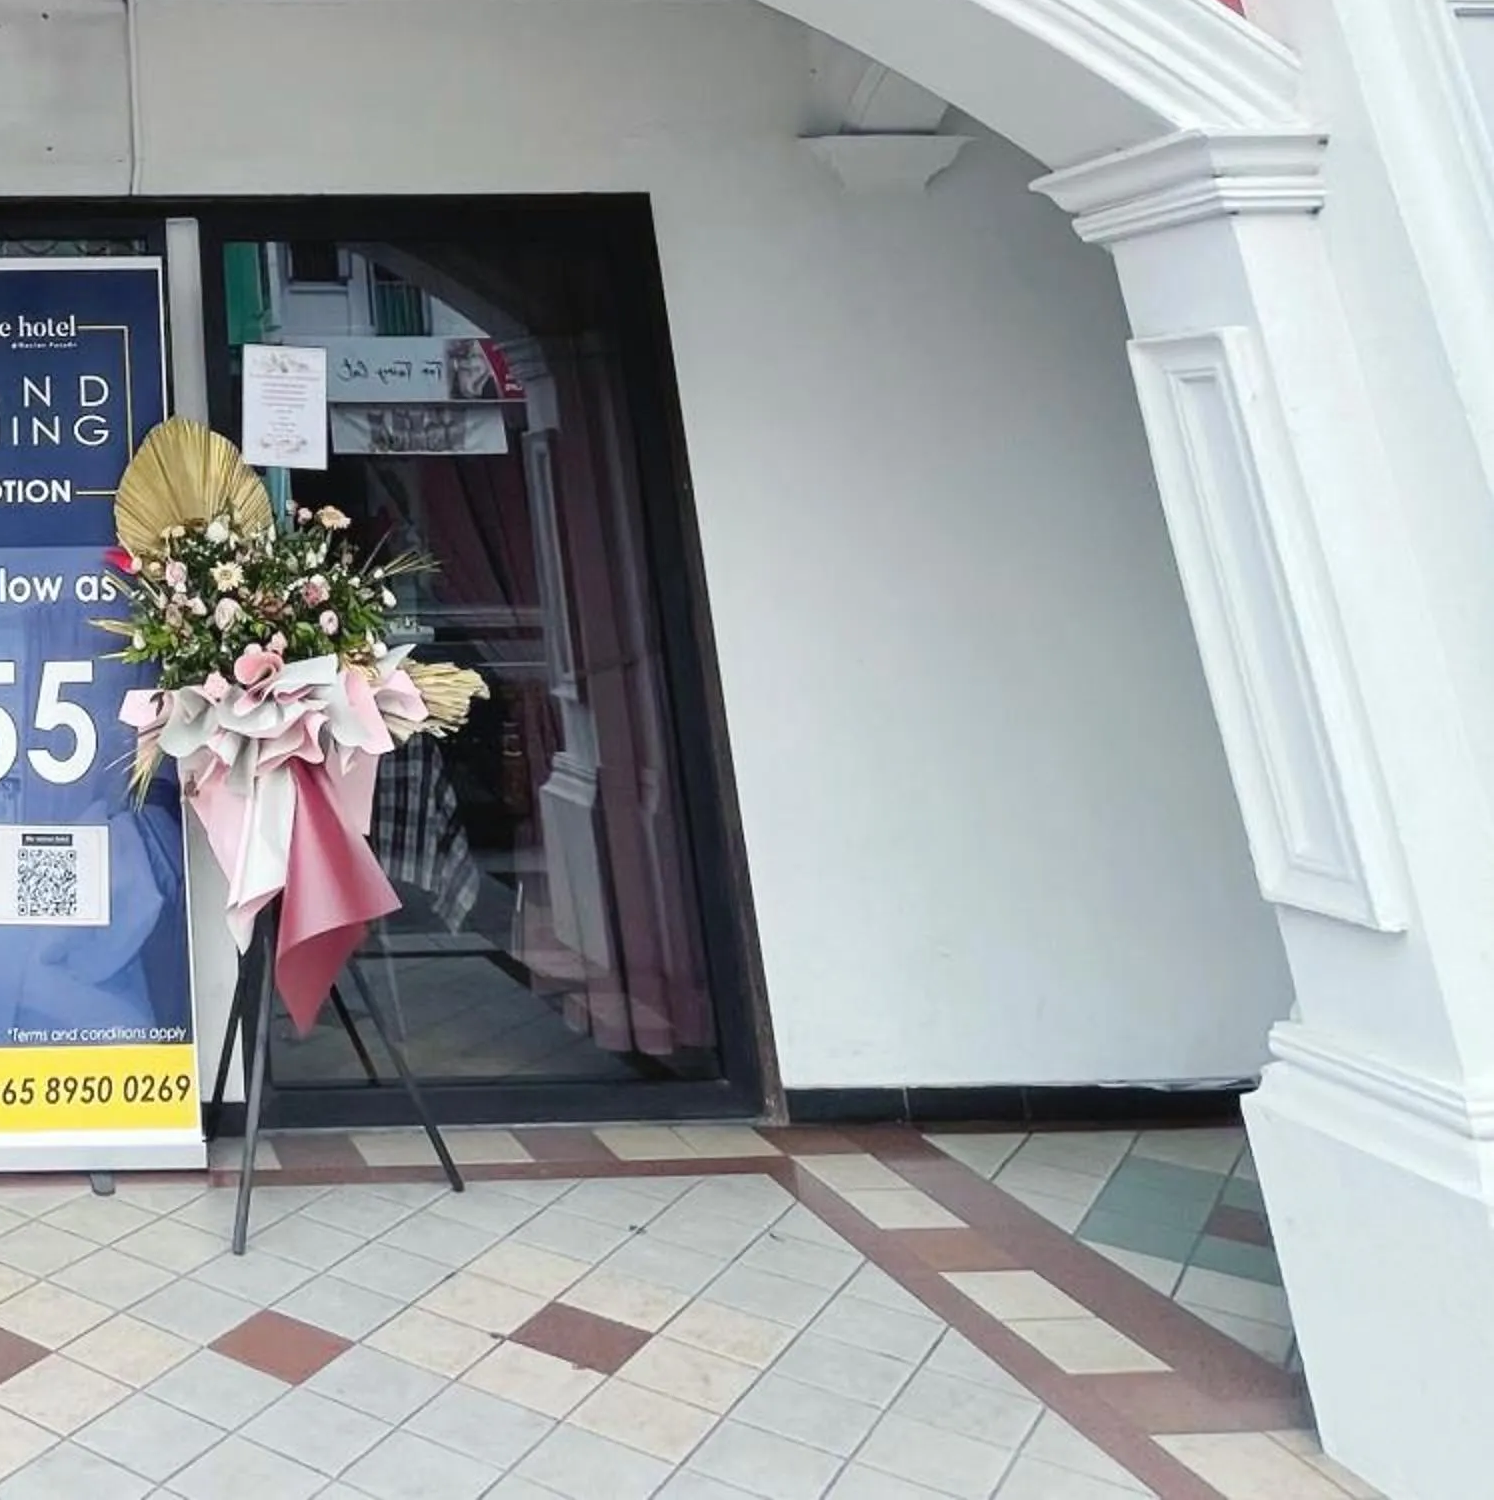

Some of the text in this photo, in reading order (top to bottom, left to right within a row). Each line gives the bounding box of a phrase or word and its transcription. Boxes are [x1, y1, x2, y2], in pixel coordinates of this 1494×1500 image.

[18, 314, 77, 338] hotel
[75, 573, 117, 602] as
[51, 1028, 77, 1041] and
[80, 1026, 145, 1041] conditions
[150, 1026, 187, 1042] apply
[45, 1076, 113, 1104] 8950
[123, 1075, 191, 1103] 0269

────────────────────

**Exercise aim**
Pictures stay out; all other material above is restated word for word.

**Result**
Some of the text in this photo, in reading order (top to bottom, left to right within a row). Each line gives the bounding box of a phrase or word and its transcription. Boxes are [x1, y1, x2, y2], in pixel coordinates of this 1494×1500 image.

[18, 314, 77, 338] hotel
[75, 573, 117, 602] as
[51, 1028, 77, 1041] and
[80, 1026, 145, 1041] conditions
[150, 1026, 187, 1042] apply
[45, 1076, 113, 1104] 8950
[123, 1075, 191, 1103] 0269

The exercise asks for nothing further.